Like many of you, no doubt, we were perplexed when the BBC announced at the start of this year that the Royal Ballet would be staging a brand-new production of Romeo and Juliet.
For one thing, we had already booked tickets for what we understood to be Kenneth MacMillan’s adaptation of William Shakespeare’s 1597 play; for another, why on earth would the Company want to stage a different production? At the premiere in 1965, Margot Fonteyn and Rudolf Nureyev evidently received forty-three curtain calls (“The Royal Ballet’s Romeo and Juliet”). Since then the work has been staged regularly, filling the Royal Opera House (we went to the 531st ROH performance, with the searing Mayara Magri dancing to a packed house). Plus, despite the abundance of balletic Romeo and Juliets performed across the globe, as Emma Byrne of the Evening Standard points out, this adaptation is often considered to be the “definitive” ballet version of Romeo and Juliet.
From 1966 to the present day (Valentine’s Day this year, to be precise) MacMillan’s Romeo and Juliet has also been screened in the cinema, on television, and since the 1980s reproduced on VHS tapes, and then DVDs. And this is the topic of our discussion below …
Romeo and Juliet on Screen Now
Unlike the news that the Royal Ballet would be staging a new production of Romeo and Juliet, the announcement that a special screening of the ballet would be live-steamed in cinemas on 14th February this year came as no surprise: we have become accustomed to live cinema screenings and encore screenings, and Romeo and Juliet seems to be a favourite for this purpose.

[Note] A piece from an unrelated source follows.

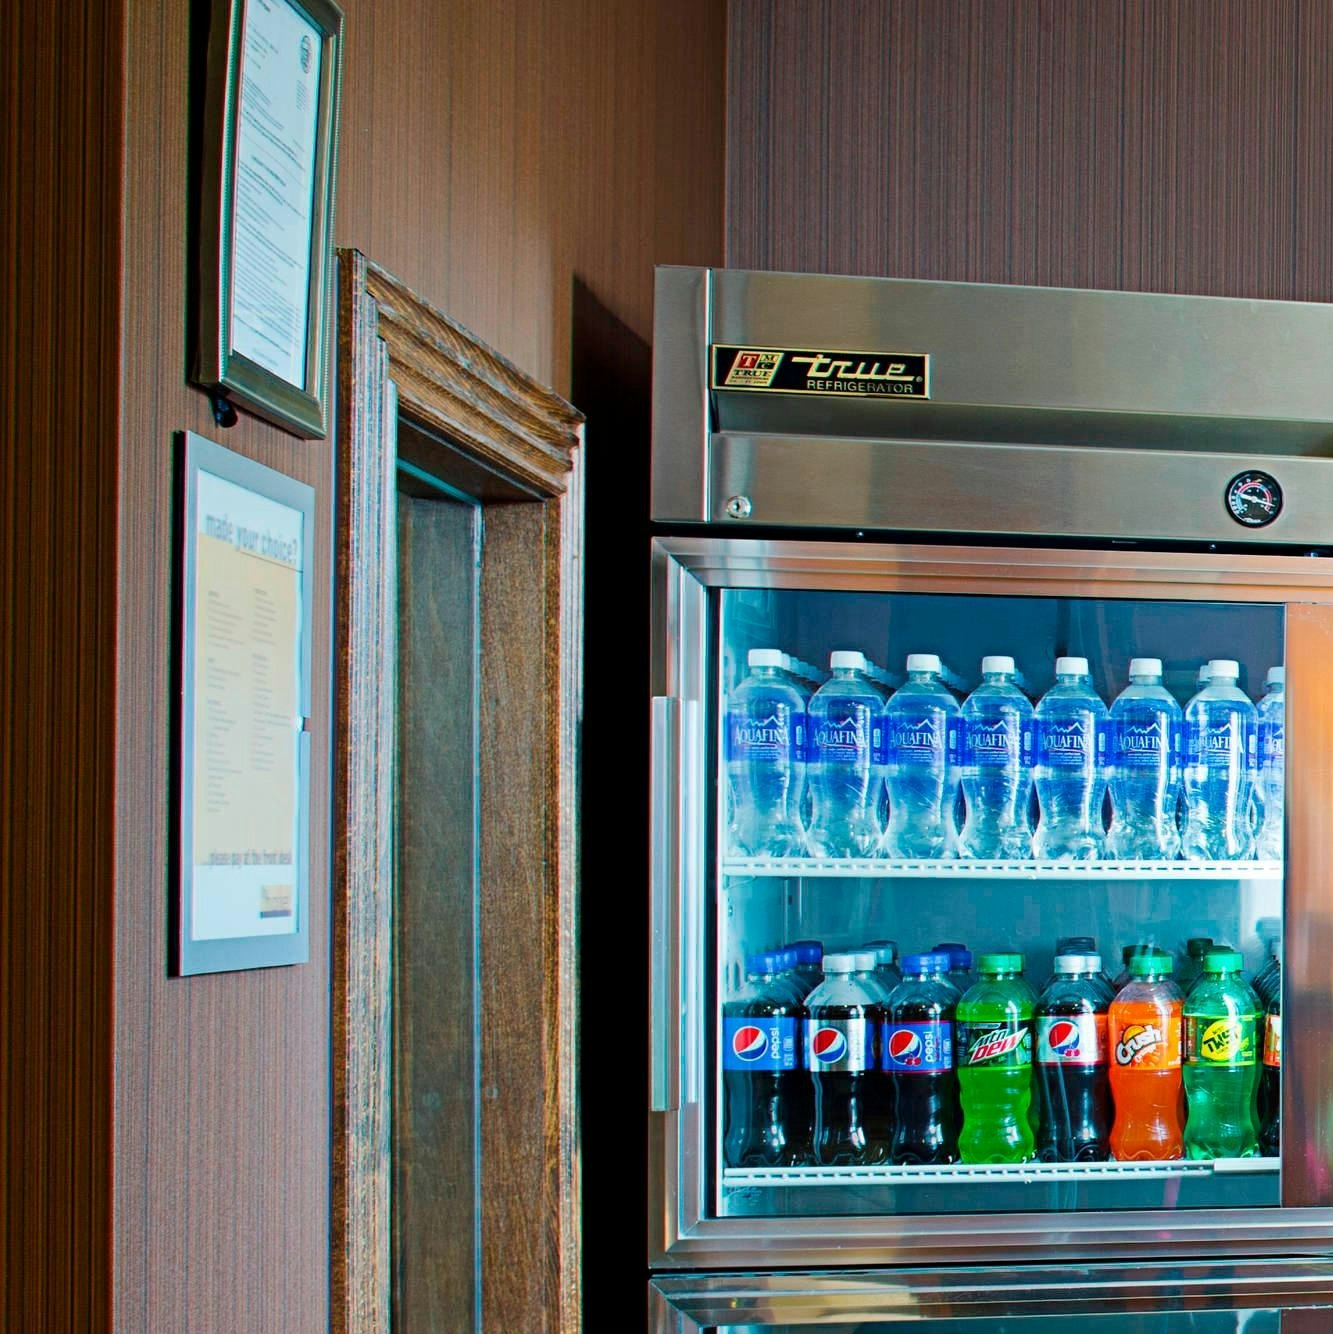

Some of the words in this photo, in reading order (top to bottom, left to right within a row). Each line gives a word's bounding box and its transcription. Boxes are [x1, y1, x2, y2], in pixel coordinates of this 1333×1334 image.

When the 2007 recording starring the celebrated dance partnership of Tamara Rojo and Carlos Acosta arrived in cinemas in 2008, it caused quite a stir, as well as a debate about the advantages of watching ballet in cinemas (Wilkinson). Since then cinema screenings in the arts have become a regular occurrence, not only from the Royal Opera House, but notably from the Bolshoi Theatre in Moscow, the Metropolitan Opera in New York, and from the National Theatre here in London. And no fewer than three live performances of Romeo and Juliet have been screened in cinemas since 2008, featuring the following principals: Lauren Cuthbertson and Federico Bonelli (2012); Yasmine Naghdi and Matthew Ball (2019); Marcelino Sambé and Anna Rose O’Sullivan (2022). Apart from this year’s offering (which will presumably be released in due course), all of these recordings have been made commercially available as DVDs, and all have been directed for the screen by Ross MacGibbon, former dancer with the Royal Ballet, and now a renowned filmmaker, specialising in dance and theatre.

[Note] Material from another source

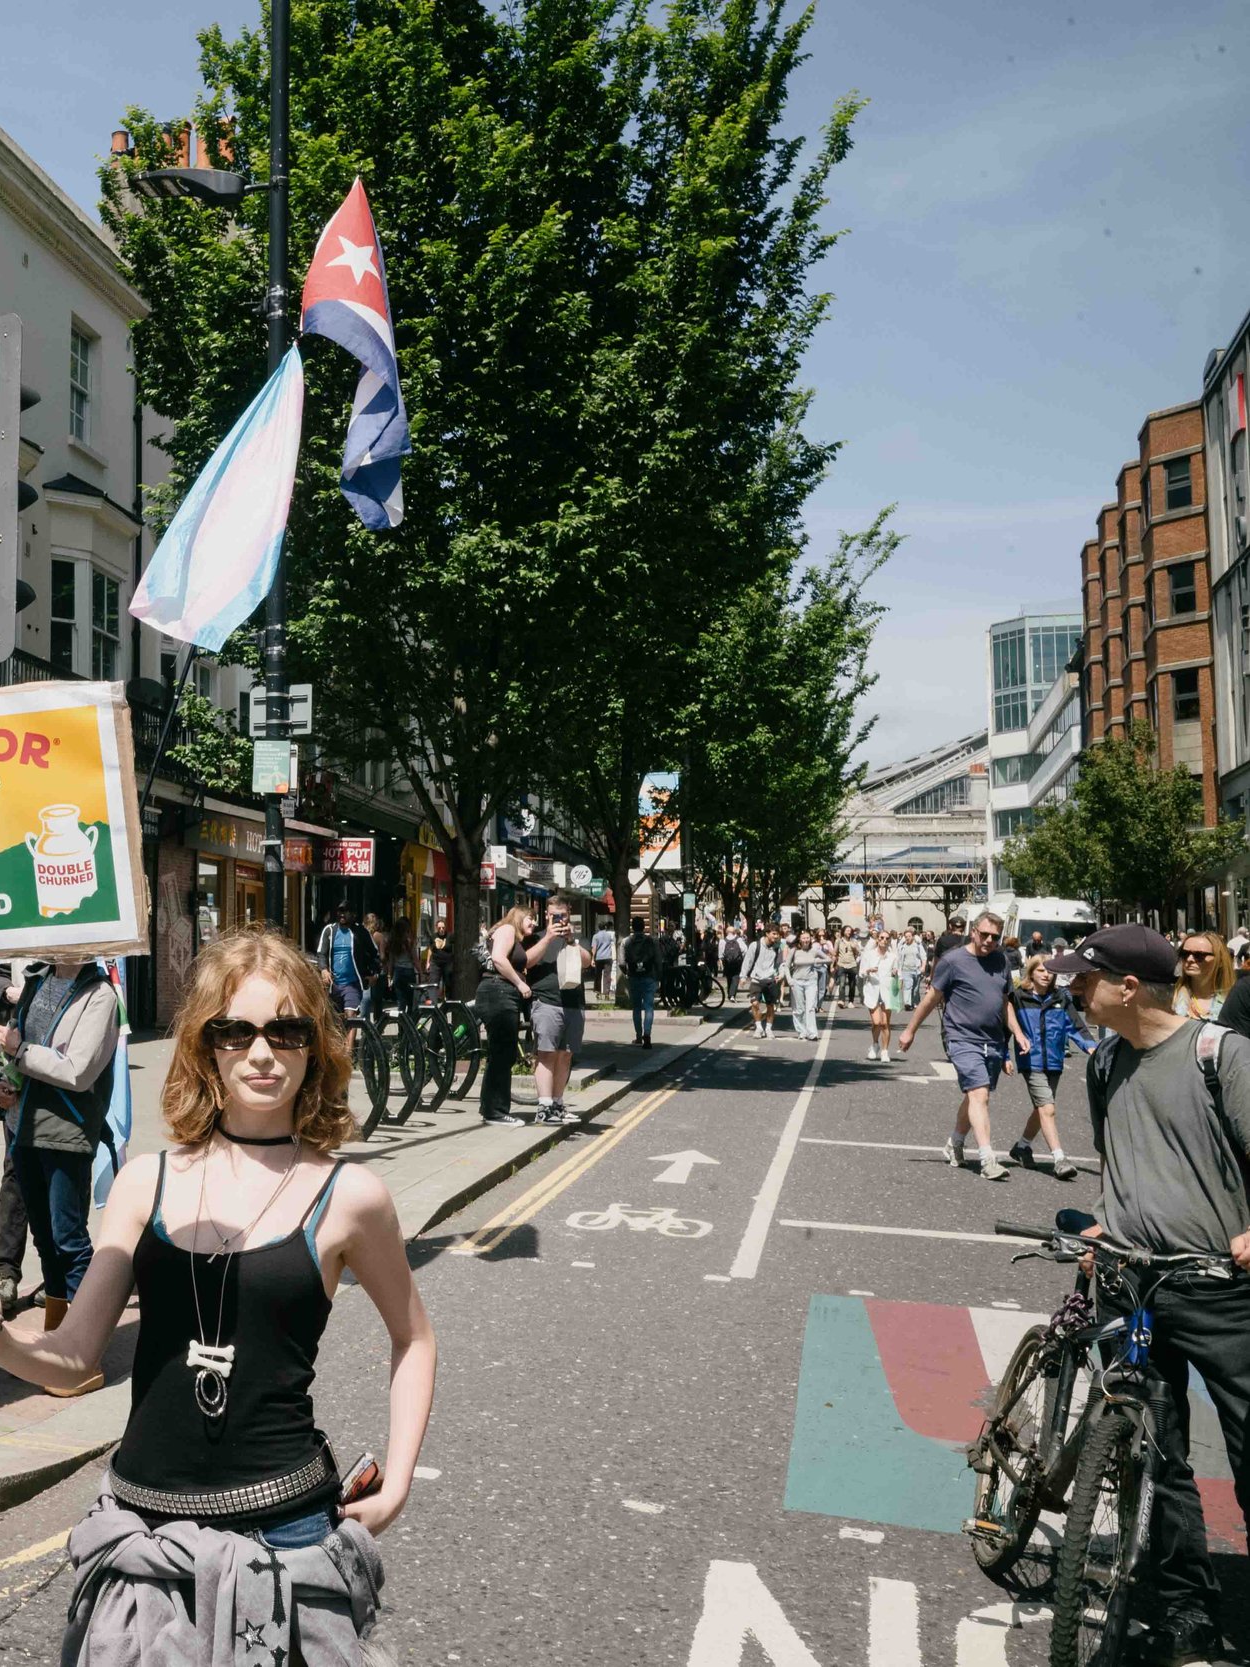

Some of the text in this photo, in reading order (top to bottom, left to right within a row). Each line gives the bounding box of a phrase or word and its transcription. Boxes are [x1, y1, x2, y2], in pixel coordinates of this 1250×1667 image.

[346, 847, 371, 859] POT
[37, 859, 93, 876] DOUBLE
[38, 870, 94, 887] CHURNED

In preparation for this post we studied all of the recordings available on DVD. However, for the purposes of our discussion below we will focus on only one of these recordings. We found it quite tricky to choose, but we decided that the ballet partnership of Rojo and Acosta made a neat parallel with the Fonteyn and Nureyev partnership featured in the Romeo and Juliet on Screen Then section of this post.
By the time of filming, Rojo and Acosta were an established partnership in both the 19th century classics, particularly Giselle (Perrot/Coralli, 1841) La Bayadère (Petipa, 1877) and Swan Lake (Petipa/Ivanov, 1895), and in MacMillan’s Manon (1974), as well as Romeo and Juliet. Described as taking the Royal Ballet “by storm” when they joined the company (Acosta in 1998, Rojo in 2000) (Guiheen), over time they became known on stage as the “Brangelina of ballet” (Tan). This suggests that although they indubitably did not cause the sensation of Fonteyn and Nureyev (has any couple in the history of British ballet?), they were unquestionably a ballet partnership of glamour, and a force to be reckoned with. Further, they had received outstanding notices for their performances. John Percival, for example claimed that Rojo “must be the best Royal Ballet Juliet for a quarter century or more, since Gelsey Kirkland’s guest seasons”, adding that Acosta was “on equally fine form”, while according to Sarah Crompton, their performances “absolutely gleam[ed] with greatness” (qtd. In “Reviews 2004-2007”). In contrast, with the exception of Bonelli, all of the other protagonists filmed in Romeo are home grown, so to speak, all having had at least some training at the Royal Ballet School; neither were their partnerships celebrated to the same extent. However, by the 2012 Bonelli-Cuthbertson performance, cinema screenings of ballet were well established, and consequently perhaps no longer needed the draw of an international star partnership.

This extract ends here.